What's the best SPF for your child?
As a parent, you are your child's greatest protection against the harmful effects of sun exposure. It is a dangerous misperception to think that tanning and sunburns are a natural part of childhood.
For instance, did you know that one blistering sunburn in childhood or adolescence more than doubles a person's chances of developing melanoma (the deadliest form of skin cancer) later in life?
Sun protection should start early - as early as infancy. To keep your kids safe in the sun, follow these important sun safety strategies:
- Avoid exposure to the sun between the hours of 10 a.m. and 4 p.m. Infants less than six months should avoid all sun exposure.
- For children six months and older, use a sunscreen with an SPF of 30 or higher that has UVA and UVB protection. Do not use sunscreen on infants less than six months old unless otherwise instructed by your doctor.
- Apply sunscreen 30 minutes before going out into the sun.
- Cover all exposed areas including lips, ears, neck and feet.
- Reapply sunscreen every two hours - more frequently if your child has been swimming or sweating.
- Use sunscreen even on cloudy days.
- Make sure your child wears UV-blocking sunglasses.
- Have your child wear a hat with a 4" brim or bill.
- Choose cover-ups and clothing with dark, tightly knit fabrics.
- Seek out shade and use wide umbrellas or pop-up tents during all-day outdoor events.
- Avoid dehydration and heat exhaustion by having your kids drink water before, during and after playing outside (preferably in the shade).
But remember that sun protection shouldn't stop with young children.
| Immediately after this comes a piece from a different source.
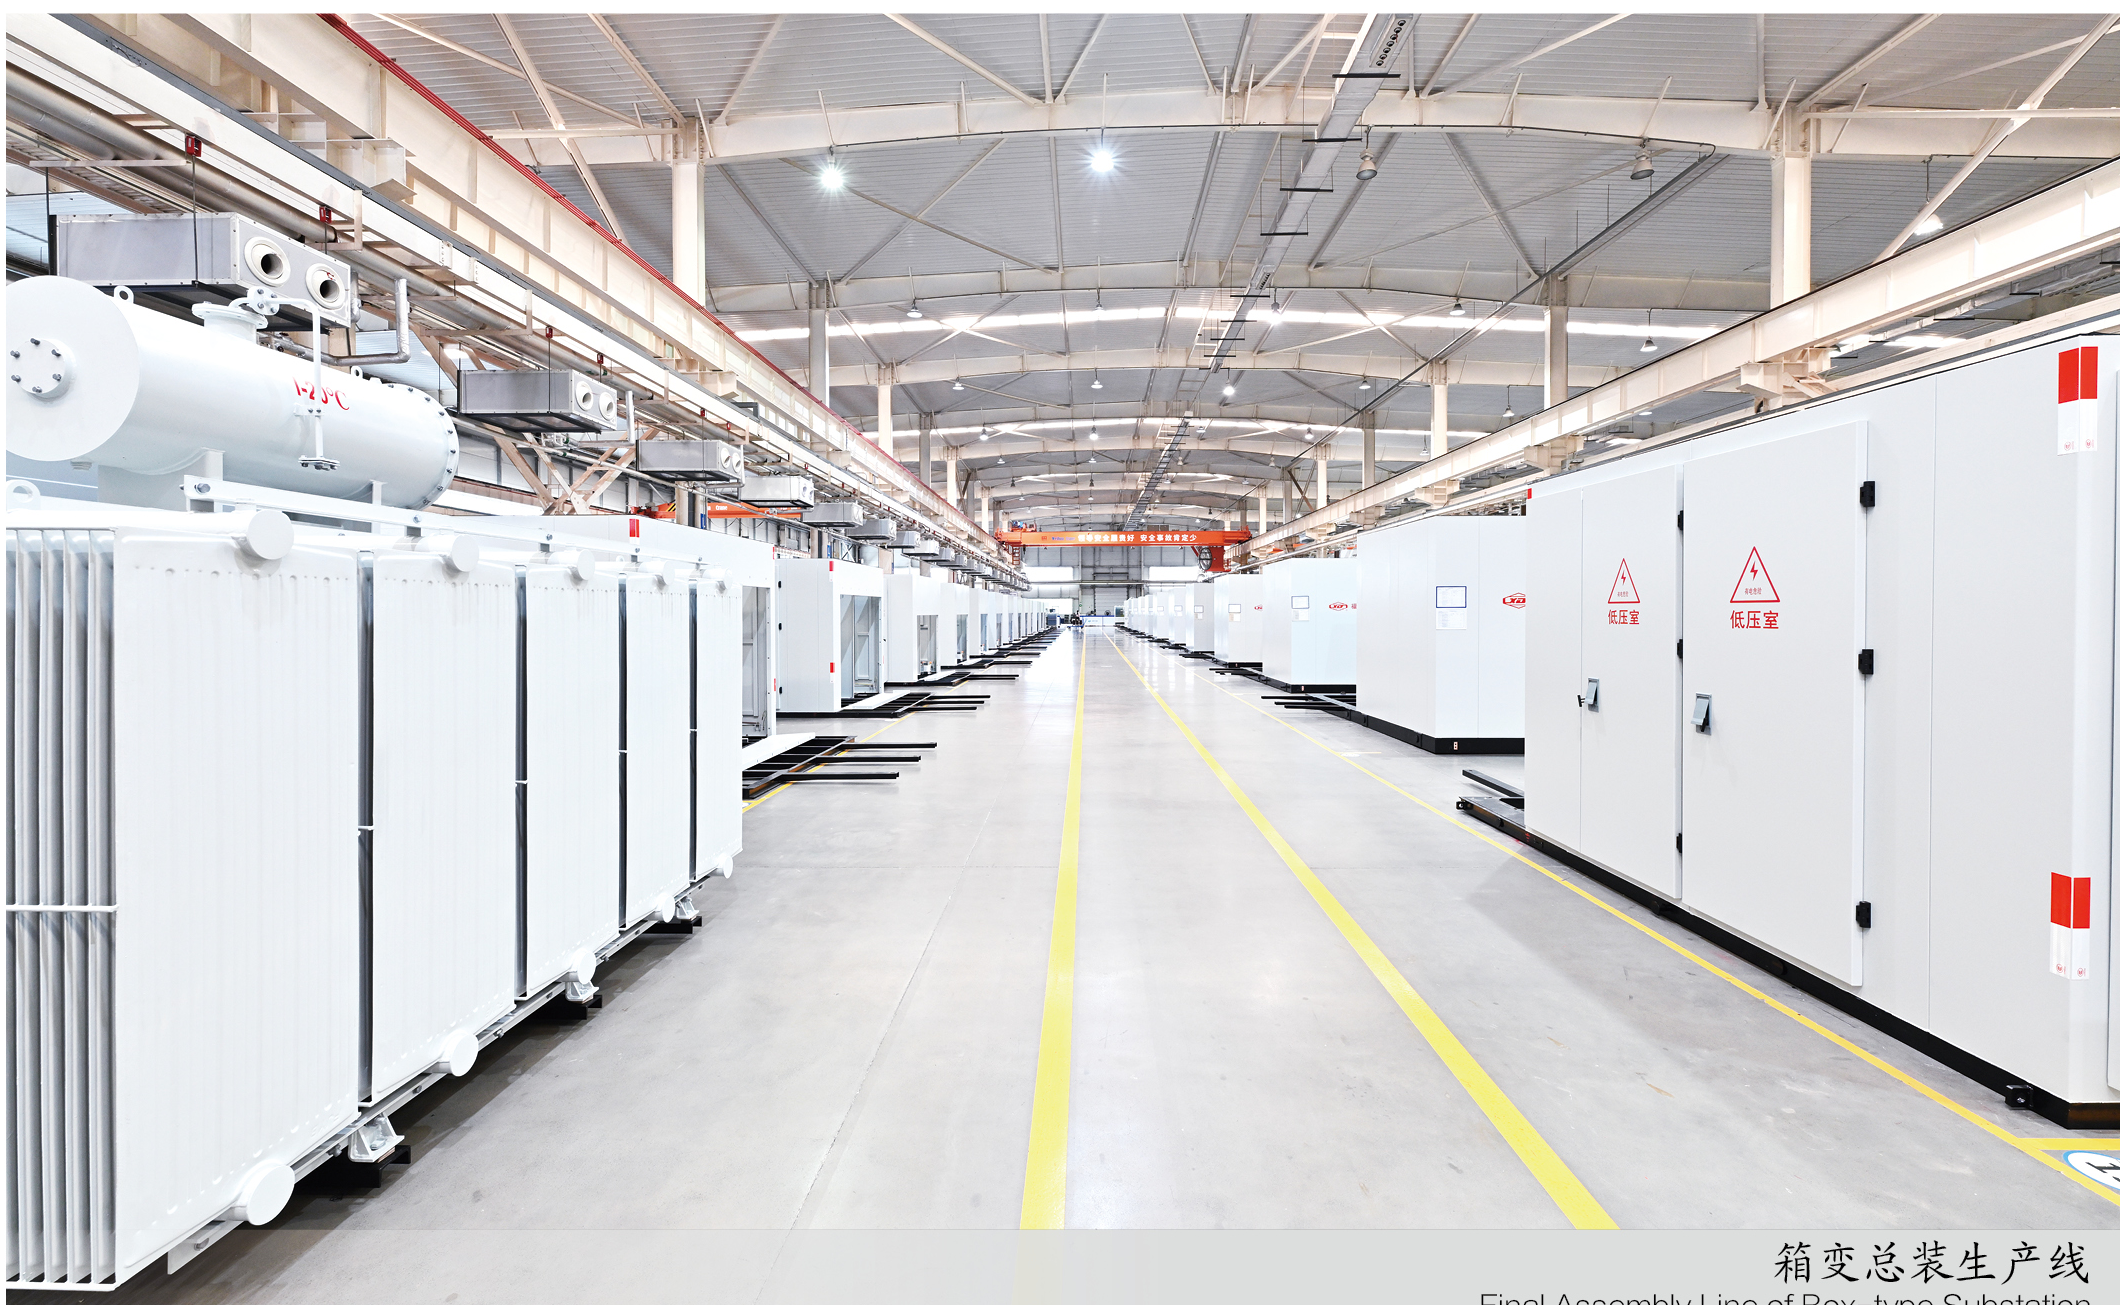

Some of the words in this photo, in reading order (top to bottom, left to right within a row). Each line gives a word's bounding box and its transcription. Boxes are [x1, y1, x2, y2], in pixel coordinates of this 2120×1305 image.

Regularly remind older kids and teens of the importance of the sun safety strategies they learned when they were younger.
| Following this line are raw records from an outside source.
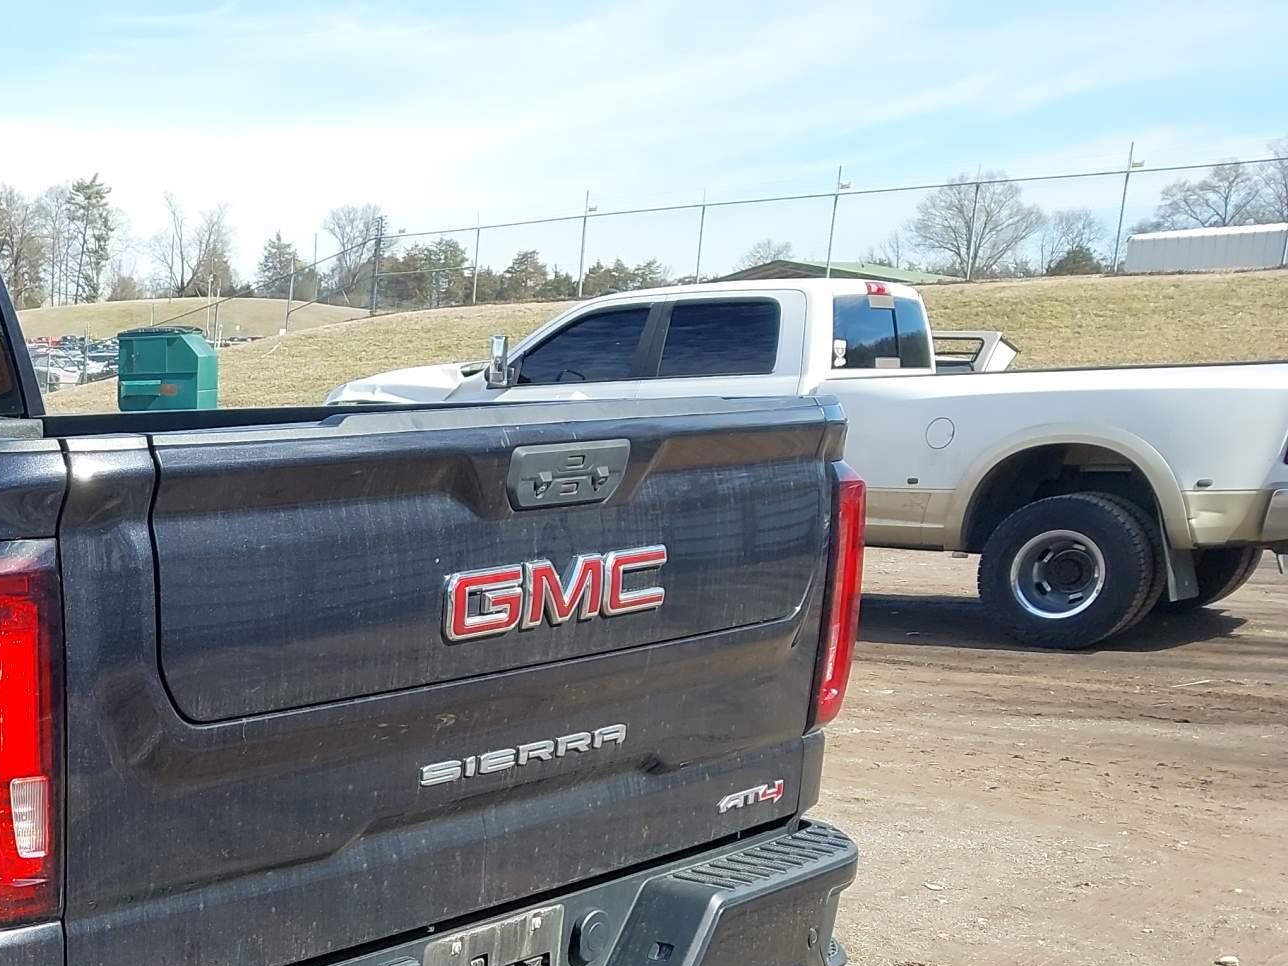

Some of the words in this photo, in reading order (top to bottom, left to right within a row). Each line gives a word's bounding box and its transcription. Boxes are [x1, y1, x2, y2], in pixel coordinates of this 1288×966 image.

[444, 544, 667, 642] GMC
[420, 723, 627, 787] SIERRA
[716, 779, 785, 814] AT4
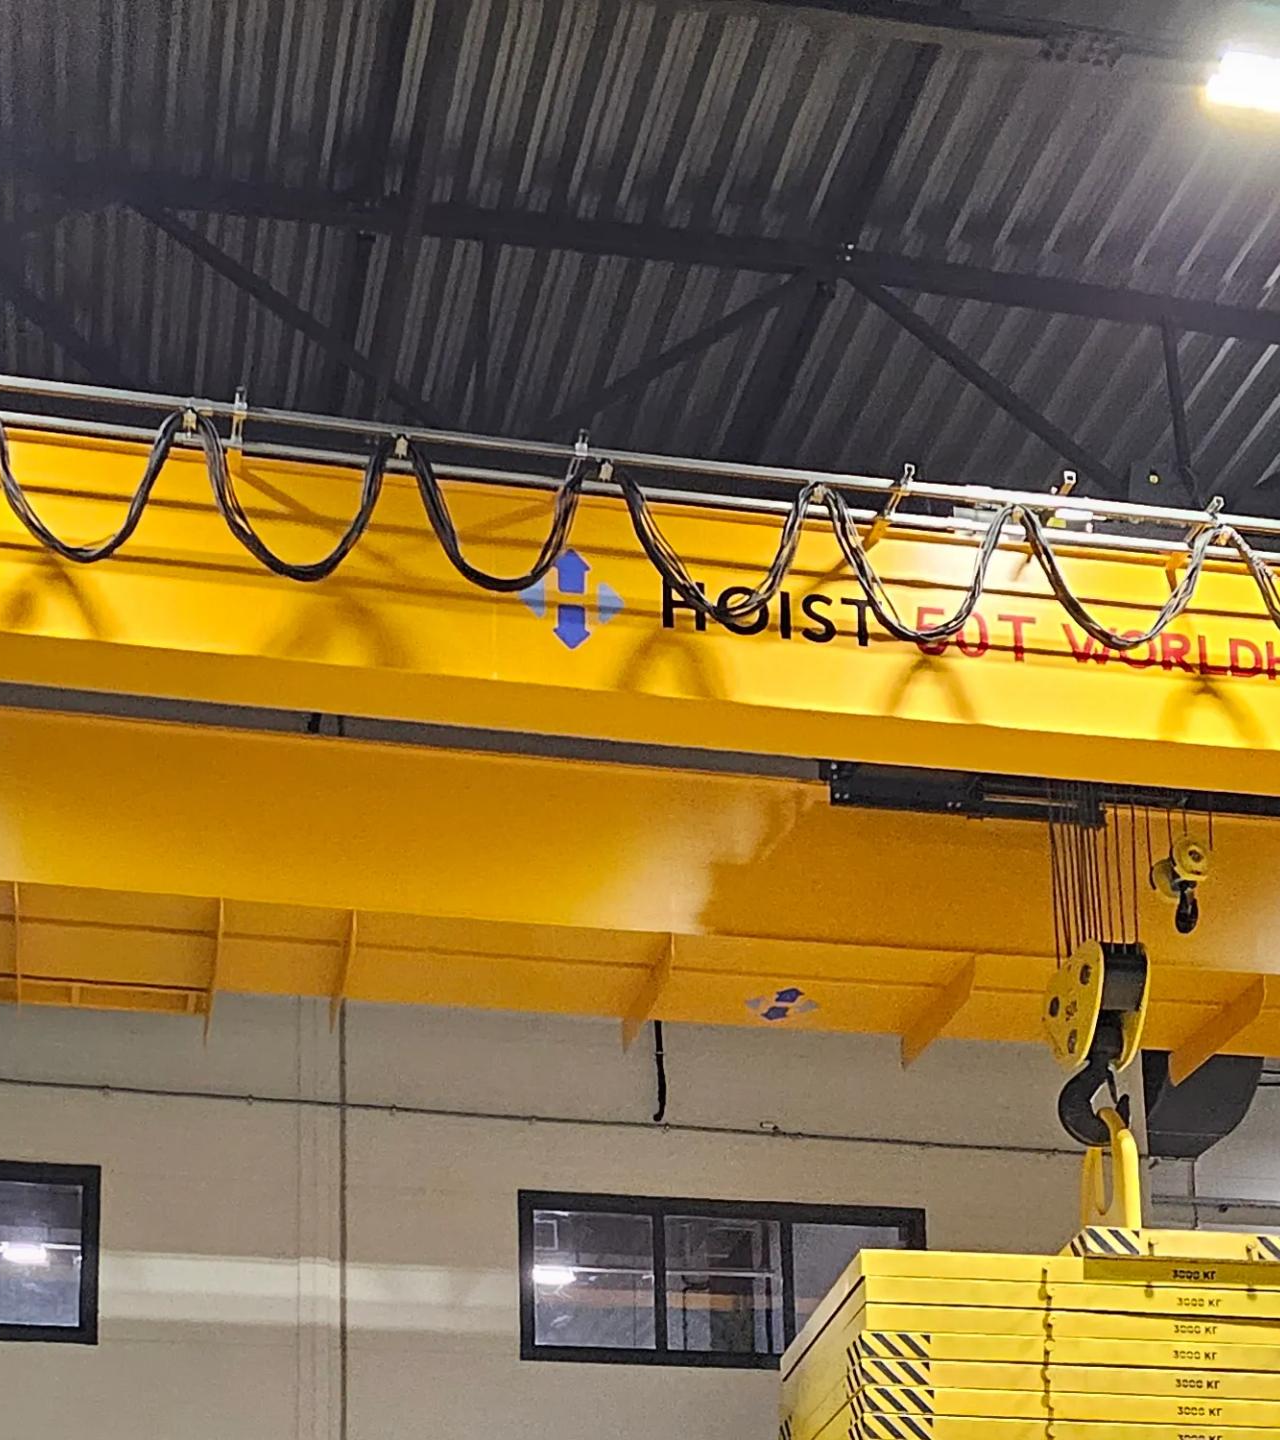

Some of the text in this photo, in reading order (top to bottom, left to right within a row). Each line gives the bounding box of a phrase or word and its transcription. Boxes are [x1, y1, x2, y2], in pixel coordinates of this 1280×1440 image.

[662, 575, 882, 647] HOIST
[1172, 1269, 1200, 1280] 3000
[1177, 1297, 1204, 1307] 3000
[1174, 1325, 1201, 1334] 3000
[1173, 1350, 1200, 1360] 3000
[1175, 1379, 1203, 1388] 3000
[1177, 1406, 1205, 1416] 3000
And while it is important to be sensitive to the pressures adolescents face to fit in, it should never mean compromising on your child's health and safety. For this reason, never permit your child or teen to use tanning beds. Indoor tanning devices greatly increase the risk for skin cancer (2.5 times for squamous cell carcinoma and 1.5 times for basal cell carcinoma, compared to nonusers). If your teen wants to be tan, teach her or him how to use self-tanners, which are now much more natural-looking than in years past.
And remember, teach by example. Follow these same sun protection strategies to set a good example for your child.